Data extracted from a collection
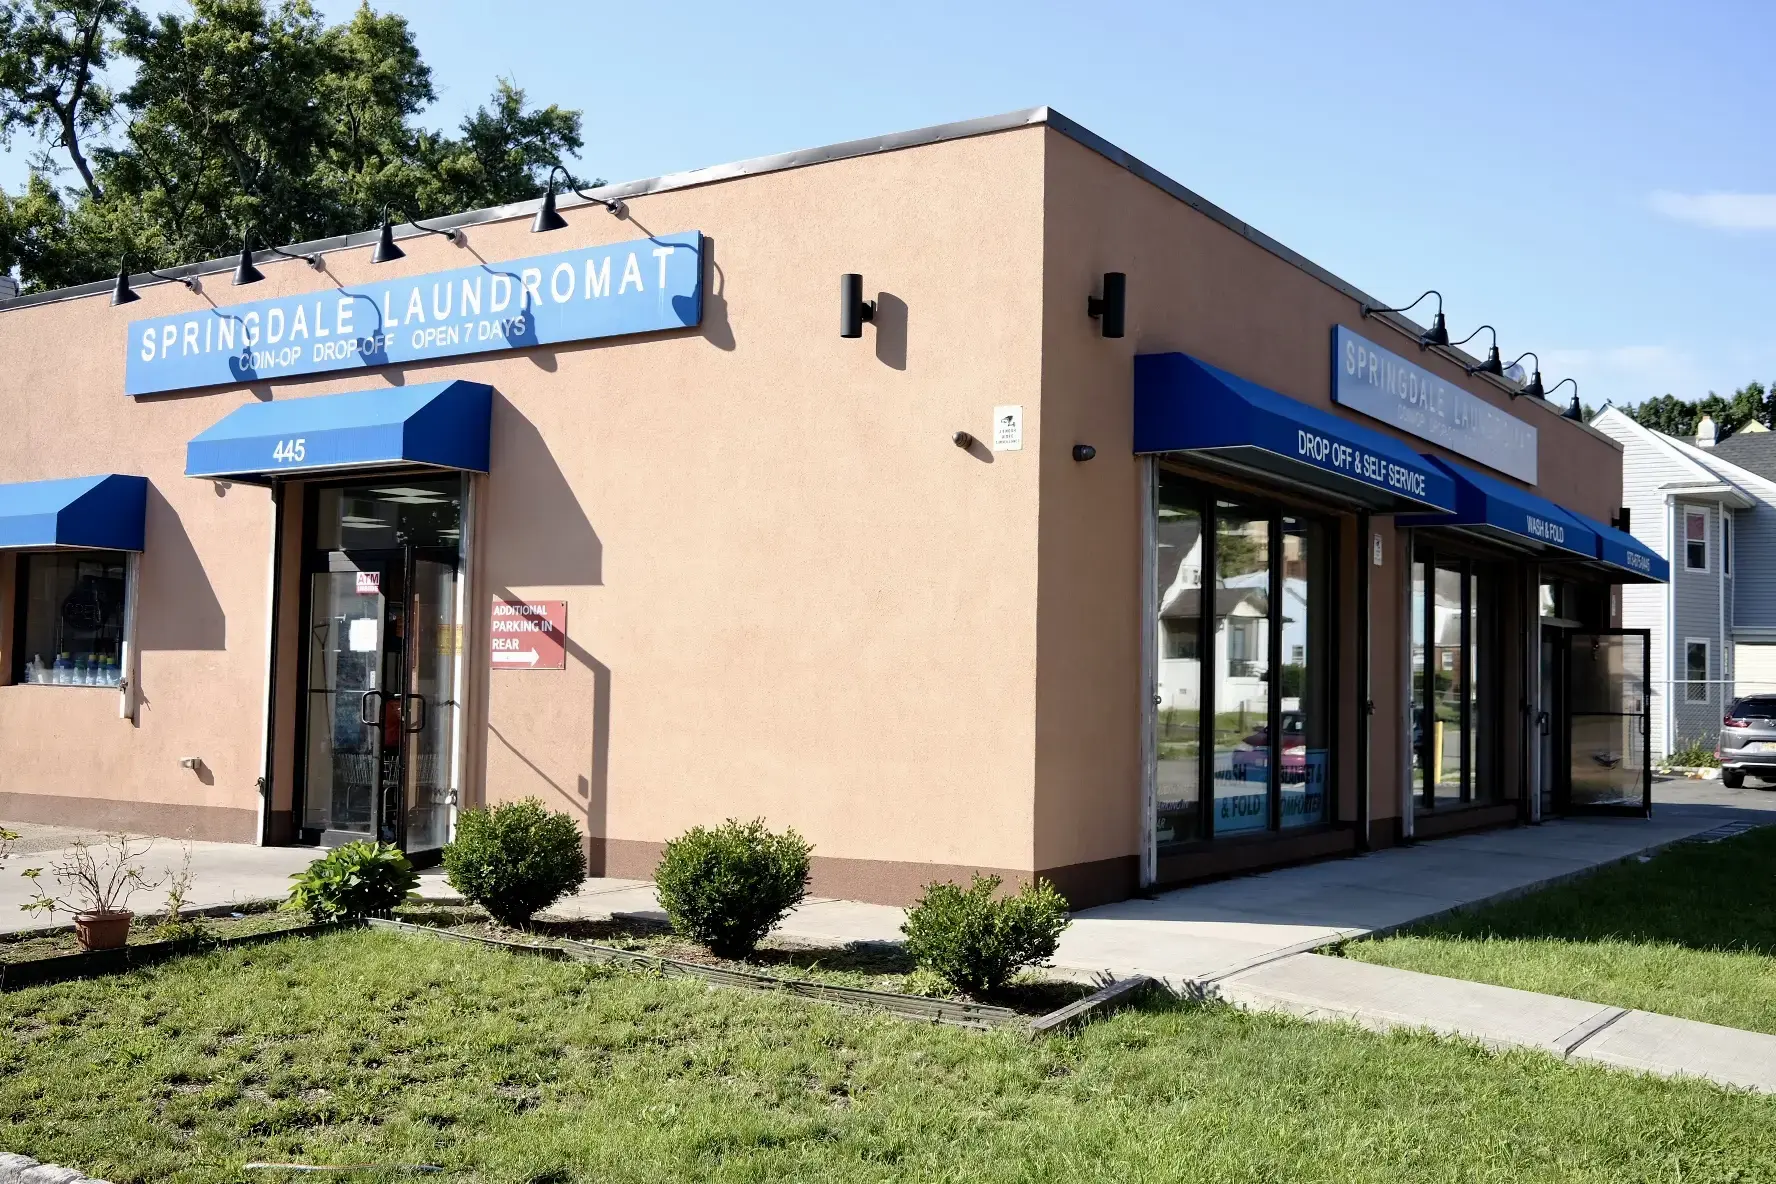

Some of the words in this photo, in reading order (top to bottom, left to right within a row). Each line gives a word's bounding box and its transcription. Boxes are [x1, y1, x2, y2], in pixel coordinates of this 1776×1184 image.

[141, 297, 354, 361] SPRINGDALE
[383, 246, 675, 328] LAUNDROMAT
[239, 346, 302, 370] COIN-OP
[313, 333, 394, 362] DROP-OFF
[411, 324, 459, 350] OPEN
[464, 323, 472, 340] 7
[477, 316, 526, 340] DAYS
[1346, 340, 1445, 417] SPRINGDALE
[272, 438, 306, 463] 445
[1298, 430, 1330, 462] DROP
[1332, 443, 1352, 469] OFF
[1354, 451, 1362, 475] &
[1363, 454, 1386, 481] SELF
[1388, 463, 1425, 496] SERVICE
[1526, 514, 1544, 537] WASH
[1545, 521, 1549, 539] &
[1550, 523, 1564, 543] FOLD
[357, 573, 379, 584] ATM
[493, 605, 548, 616] ADDITIONAL
[492, 620, 539, 632] PARKING
[541, 620, 553, 631] IN
[492, 638, 520, 650] REAR
[1221, 797, 1229, 819] &
[1232, 794, 1261, 817] FOLD
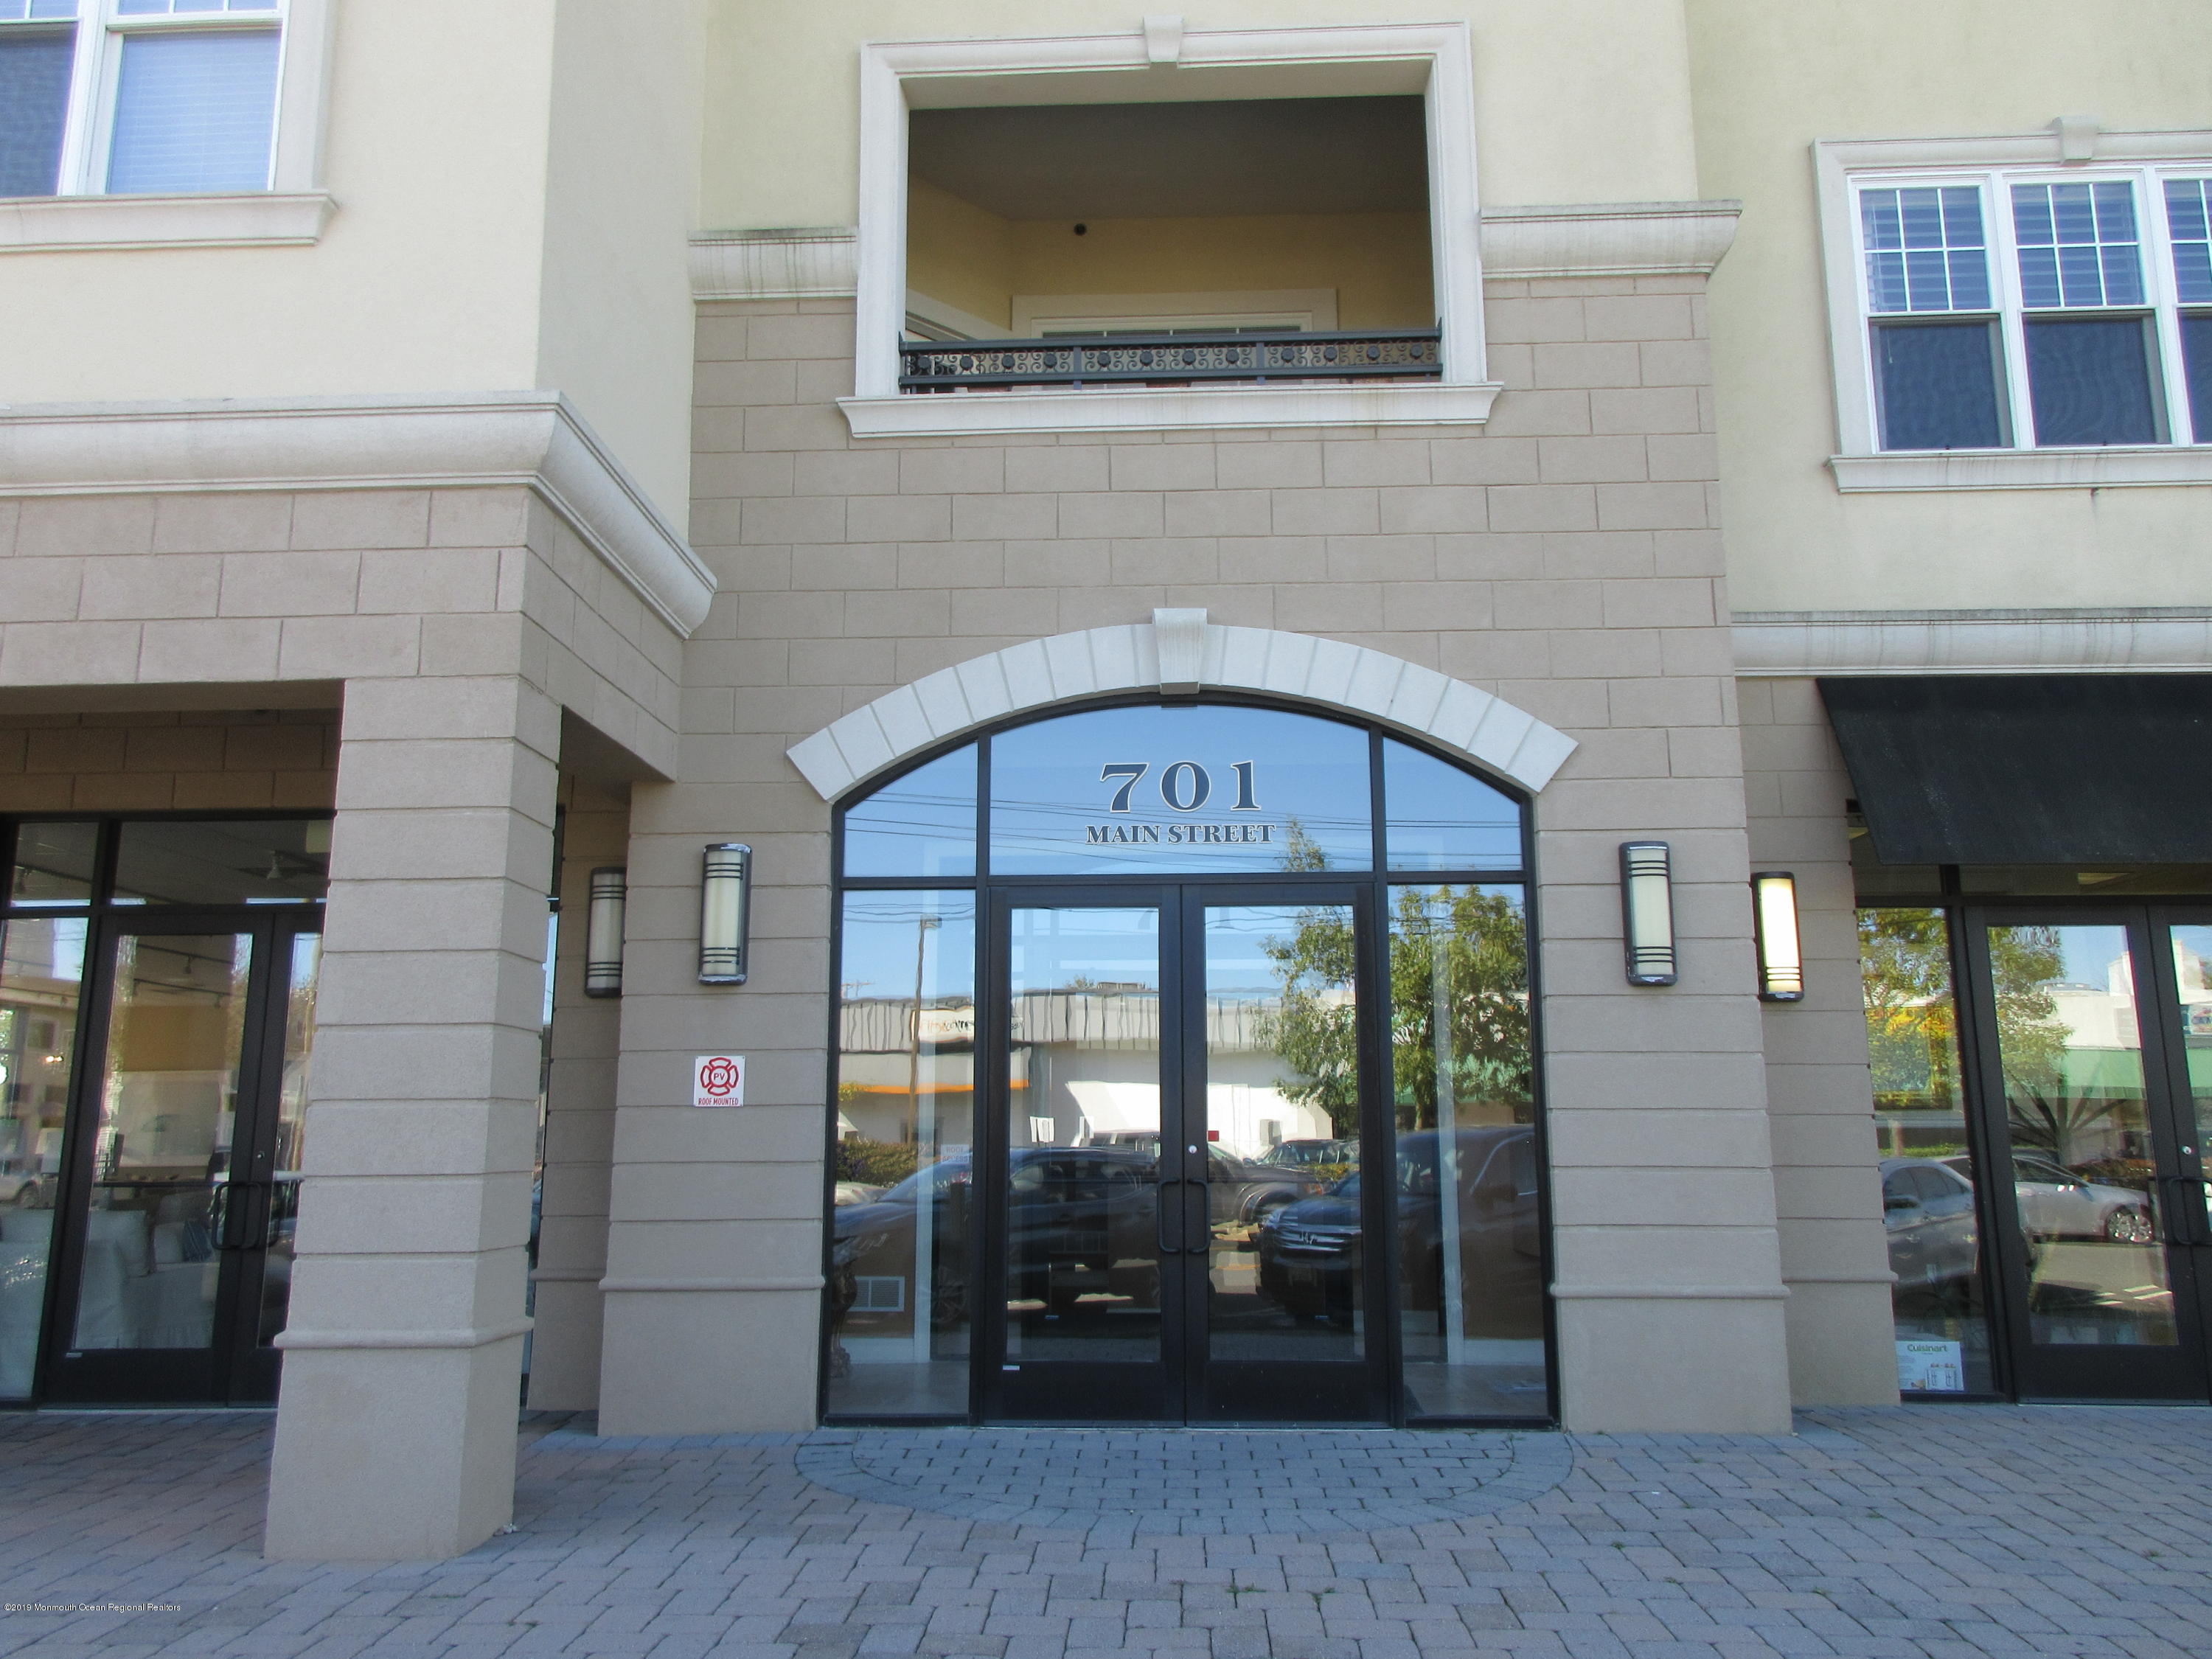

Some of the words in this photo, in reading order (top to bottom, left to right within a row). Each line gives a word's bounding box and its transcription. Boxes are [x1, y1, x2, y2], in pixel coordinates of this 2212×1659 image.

= ACTION ITEM =
Return every entry above word for word, and include no images.

= SOLVED PROBLEM =
Some of the words in this photo, in reading order (top to bottom, left to right within a row). Each line gives a word's bounding box and its transcription. Boxes are [x1, y1, x2, y2], in pixel coordinates of this 1776×1184 image.

[141, 297, 354, 361] SPRINGDALE
[383, 246, 675, 328] LAUNDROMAT
[239, 346, 302, 370] COIN-OP
[313, 333, 394, 362] DROP-OFF
[411, 324, 459, 350] OPEN
[464, 323, 472, 340] 7
[477, 316, 526, 340] DAYS
[1346, 340, 1445, 417] SPRINGDALE
[272, 438, 306, 463] 445
[1298, 430, 1330, 462] DROP
[1332, 443, 1352, 469] OFF
[1354, 451, 1362, 475] &
[1363, 454, 1386, 481] SELF
[1388, 463, 1425, 496] SERVICE
[1526, 514, 1544, 537] WASH
[1545, 521, 1549, 539] &
[1550, 523, 1564, 543] FOLD
[357, 573, 379, 584] ATM
[493, 605, 548, 616] ADDITIONAL
[492, 620, 539, 632] PARKING
[541, 620, 553, 631] IN
[492, 638, 520, 650] REAR
[1221, 797, 1229, 819] &
[1232, 794, 1261, 817] FOLD

Some of the words in this photo, in reading order (top to bottom, left to right within a row). Each line gives a word's bounding box and its transcription. Boxes are [x1, y1, x2, y2], in pixel coordinates of this 2212×1659 image.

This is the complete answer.